Mrs Muliaga's 20-year-old son was reduced to tears after the meeting with detectives on Saturday, family spokesman Brenden Sheehan told the Herald last night.
Mrs Muliaga, 44, died last month, hours after the electricity to her home and her oxygen machine was cut off by a Mercury Energy contractor.
Mr Sheehan - a relative - said the talks with the police broke down after they refused "point blank" to show family lawyer Olinda Woodroffe copies of earlier statements by the children.
The officers gave no reason for their refusal, and the confrontation left the 20-year-old "too upset to talk", Mr Sheehan said.
"He's 20, but he's a very young 20. He still lives at home."
The family were struggling to come to terms with Mrs Muliaga's death, and Saturday's meeting - arranged by Ms Woodroffe and attended by a Samoan interpreter - had left them "astounded" by the police attitude.
"We are victims here, we are not suspects. Police could have a bit more sensitivity."
Ms Woodroffe last night confirmed Mr Sheehan's story, saying that when she asked for copies of the earlier statements, the police said, "There's no need for you to see it".
"They came in with an attitude."
She said it was not acceptable that the boys had earlier been interviewed without a lawyer or interpreter and without first being read their rights.

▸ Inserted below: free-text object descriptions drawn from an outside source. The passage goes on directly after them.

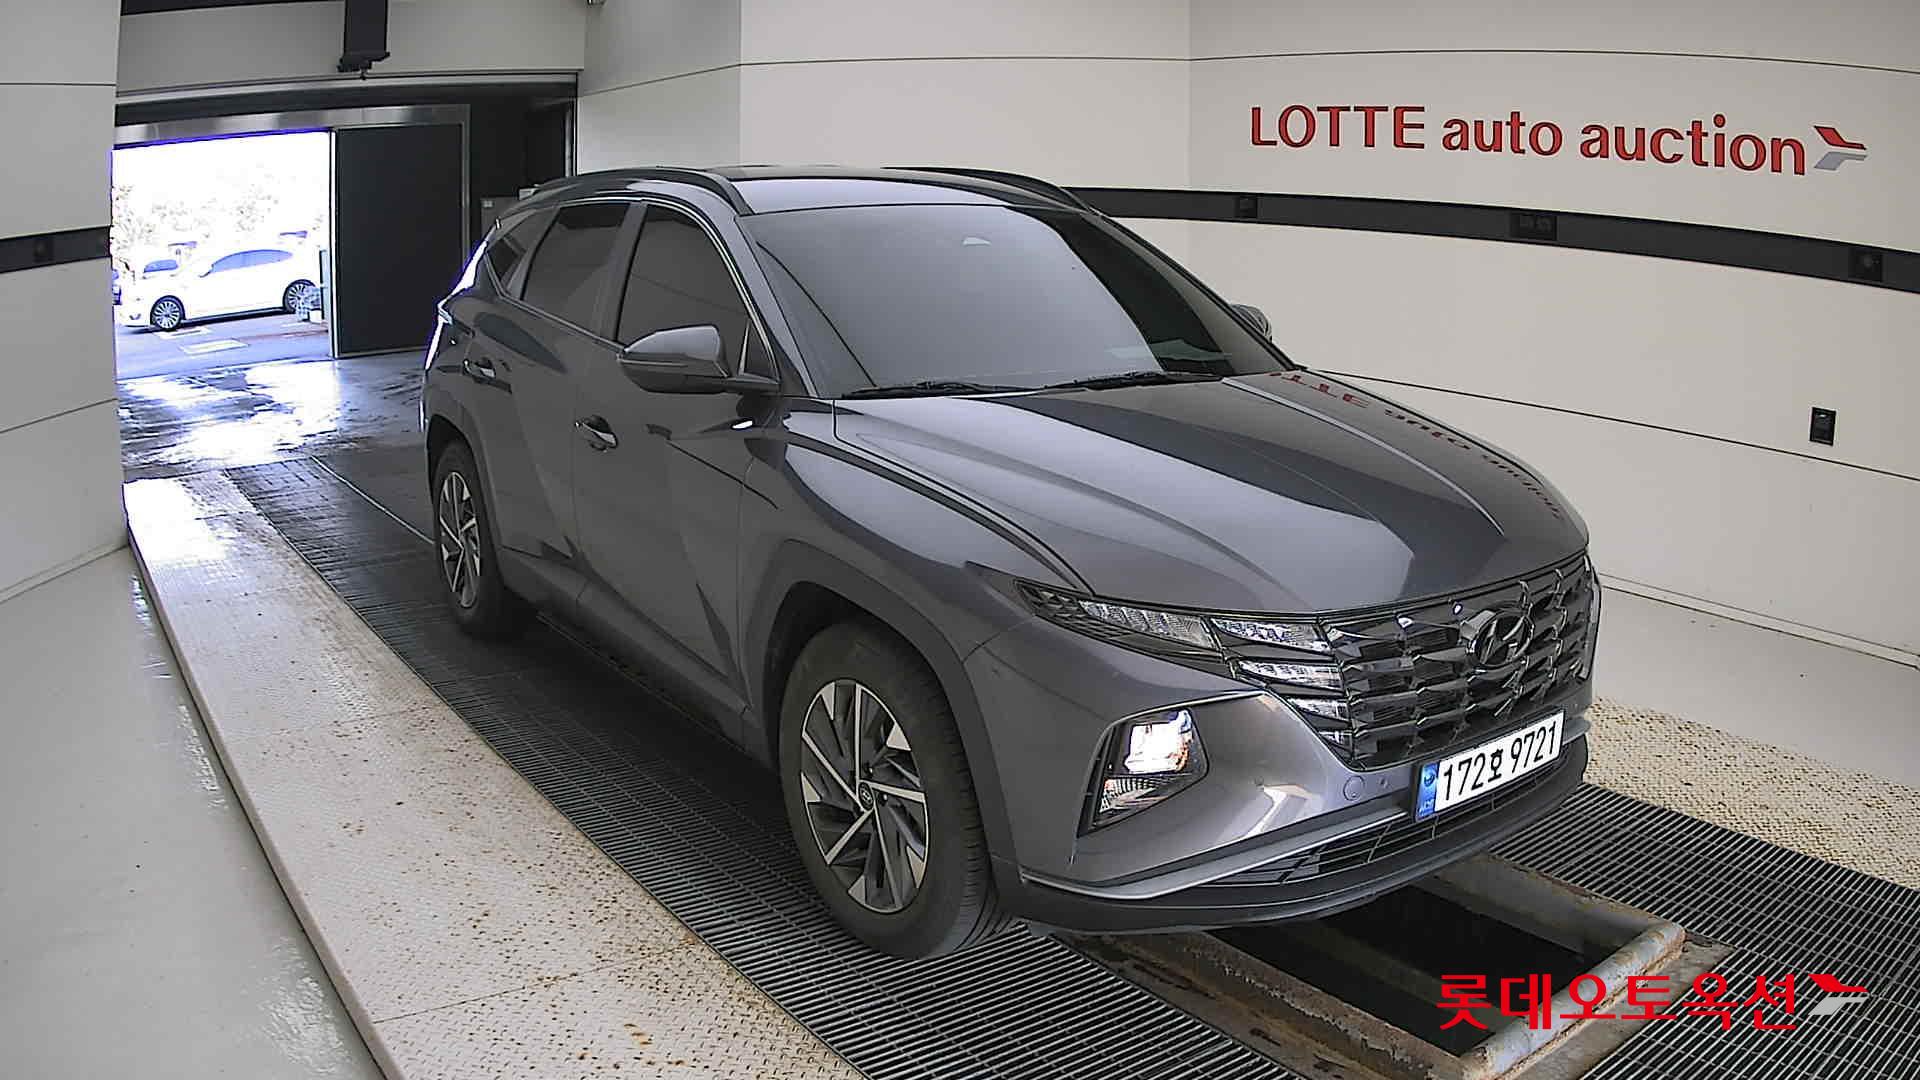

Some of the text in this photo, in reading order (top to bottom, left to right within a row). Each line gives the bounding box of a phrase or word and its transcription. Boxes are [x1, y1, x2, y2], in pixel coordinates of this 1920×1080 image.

[1251, 104, 1806, 176] LOTTE auto auction
[1443, 720, 1557, 801] 172호 9721
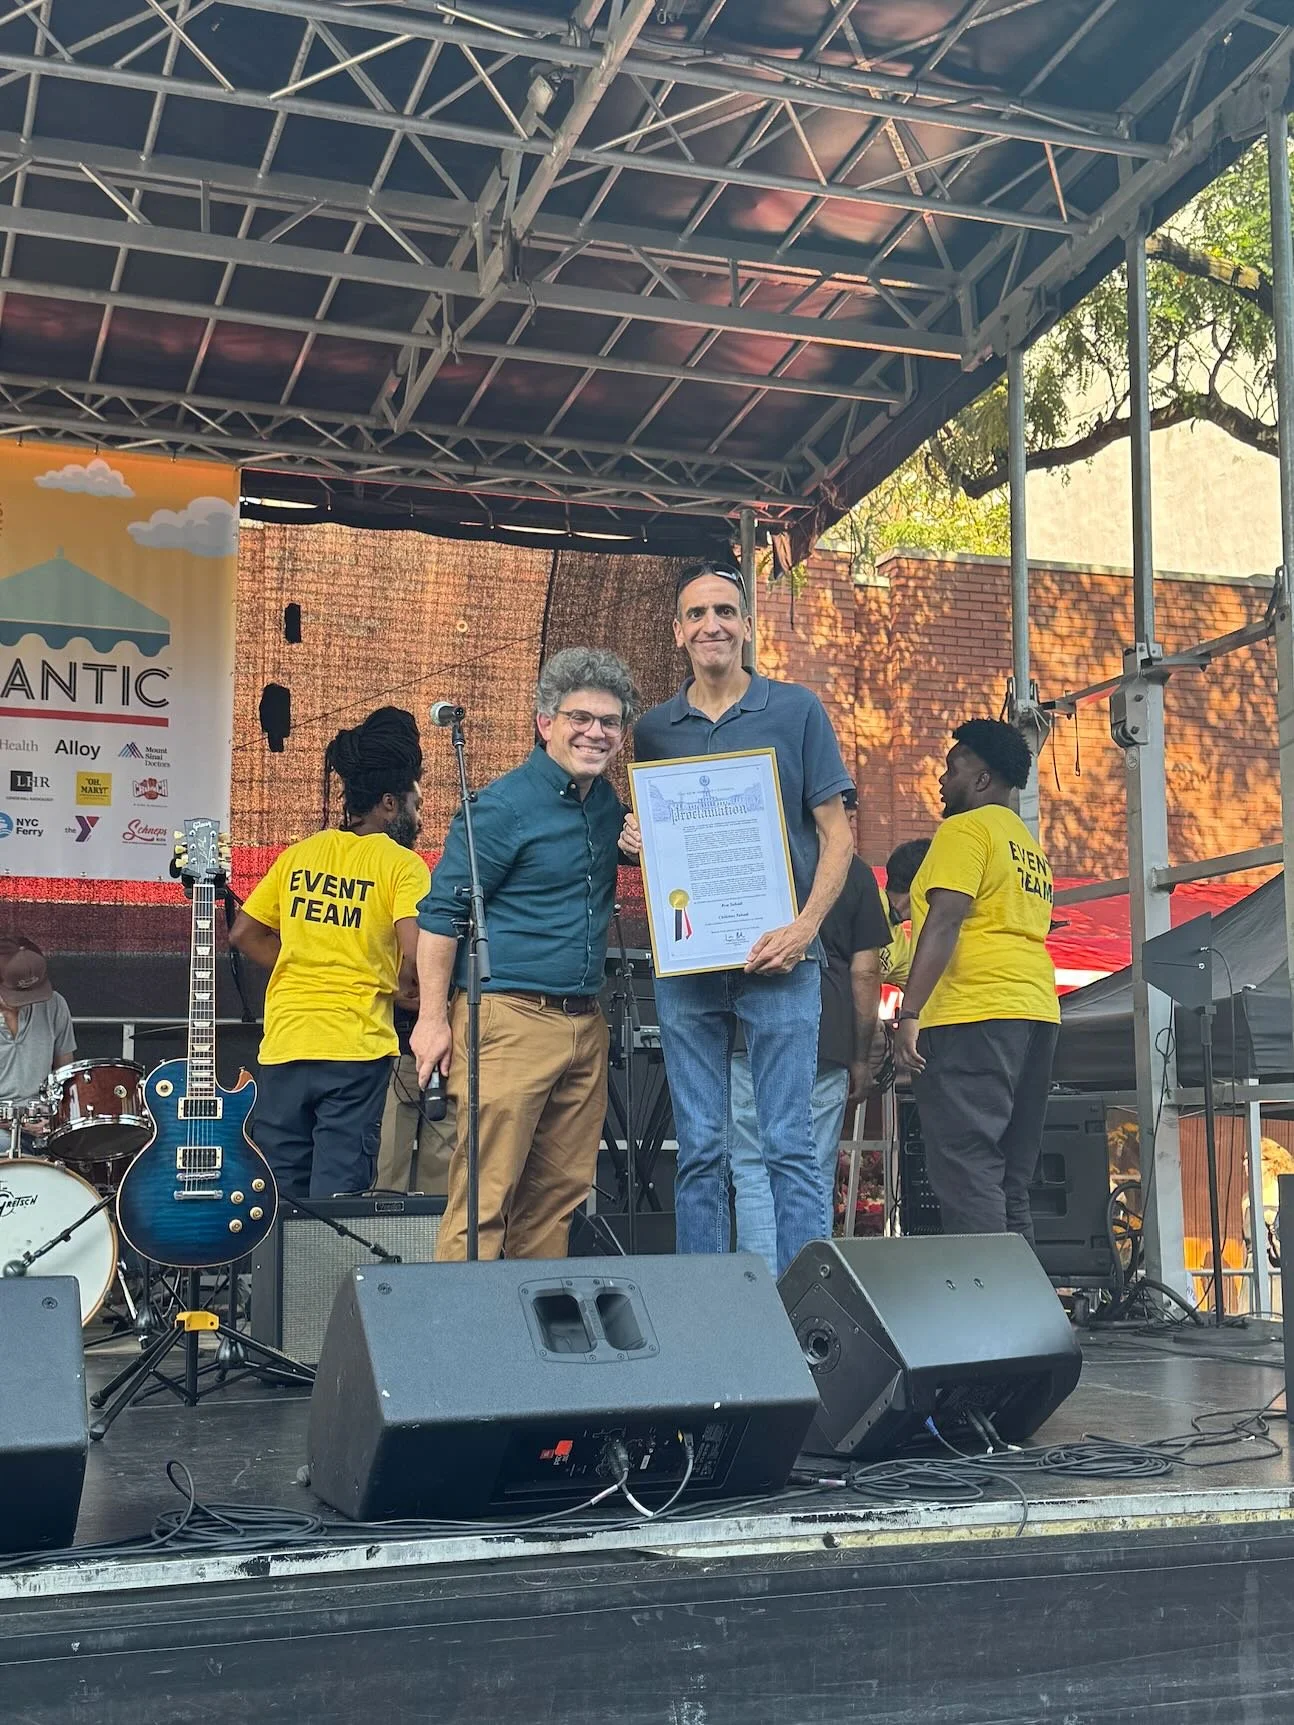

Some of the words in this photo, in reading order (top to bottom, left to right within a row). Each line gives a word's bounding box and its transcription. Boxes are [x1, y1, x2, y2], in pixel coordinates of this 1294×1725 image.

[0, 658, 169, 708] ANTIC
[0, 739, 38, 752] Health
[55, 739, 101, 760] Alloy
[145, 746, 167, 754] Mount
[145, 760, 171, 768] Doctors
[16, 775, 50, 788] LHR
[16, 818, 39, 827] NYC
[122, 819, 167, 842] Schneps
[16, 827, 44, 837] Ferry
[290, 869, 375, 902] EVENT
[1017, 867, 1053, 903] TEAM
[290, 896, 362, 929] TEAM
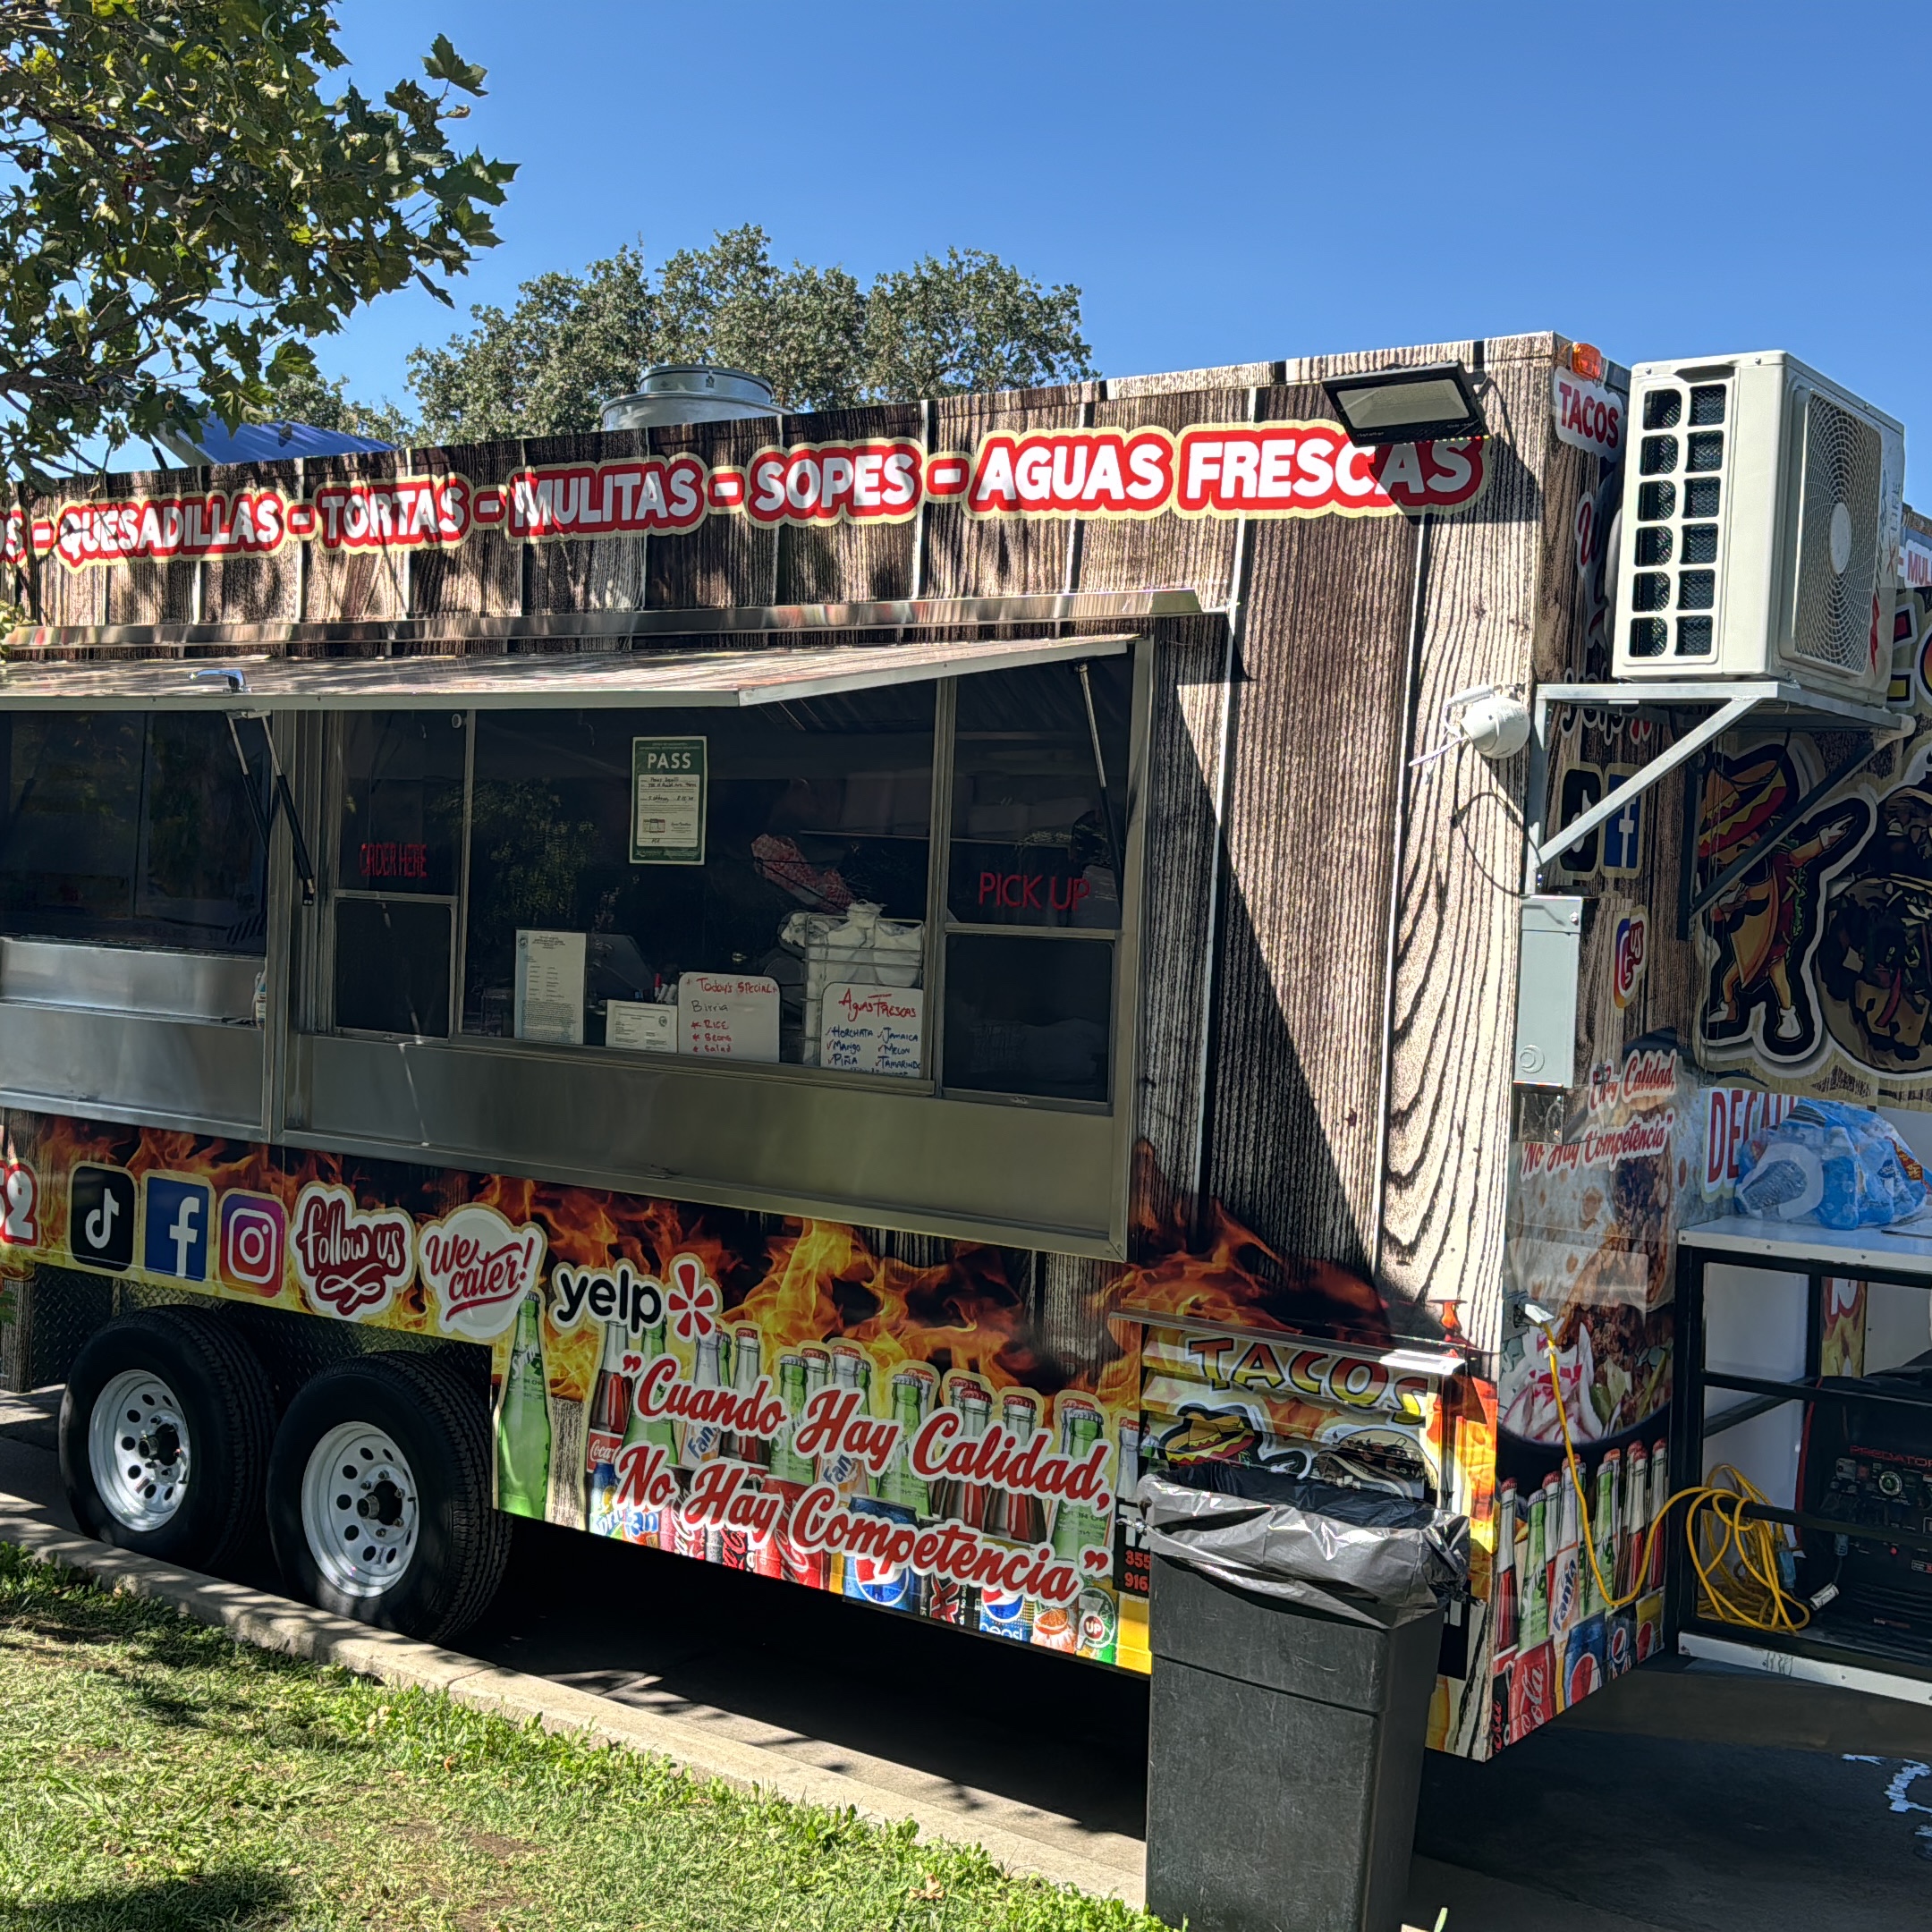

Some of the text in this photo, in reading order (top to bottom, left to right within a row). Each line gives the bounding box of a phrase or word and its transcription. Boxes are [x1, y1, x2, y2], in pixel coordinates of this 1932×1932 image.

But police spokeswoman Noreen Hegarty said last night that the family had been treated "with full regard to their tragic circumstances".
Mr Muliaga had been spoken to in Samoan, by a Samoan officer, and the two oldest sons - including the 20-year-old - has chosen to converse in English.
Both boys had been educated to seventh-form level and one was in his second year of tertiary education, Ms Hegarty said.
The Muliagas had initiated the meeting, but it did not proceed as Ms Woodroffe did not agree to the terms.
It is not the family's first run-in with police over Mrs Muliaga's death.
Mr Sheehan told the Herald last week that the family believed the investigation was fundamentally flawed because of a lack of cultural awareness - which included interviewing family members in English, their second language.
To conduct six-hour interviews with the Muliaga boys the day after their mother's death was "absolutely improper".
Also at the weekend, the Muliaga family's plight was used to help a trade union gain support for industrial action.
In a press release entitled "Muliaga's work mates strike against poverty wages", Unite union organiser Daphna Whitmore claimed workers at the Centra Airport Hotel in South Auckland are so poorly paid they "cannot make ends meet".
Workers at the hotel - where Mr Muliaga works in the kitchen - are due to strike again at 4pm today. The strike, the third in three weeks, is to push for a 5 per cent pay increase.
The press release told how Mr Muliaga joined his workmates in a strike on the morning of May 29.
"Later that day, his wife died after the power was cut at their home."
But Ms Whitmore yesterday rejected a suggestion the union was using the tragedy for political mileage.
She said the matter had not been discussed with the family.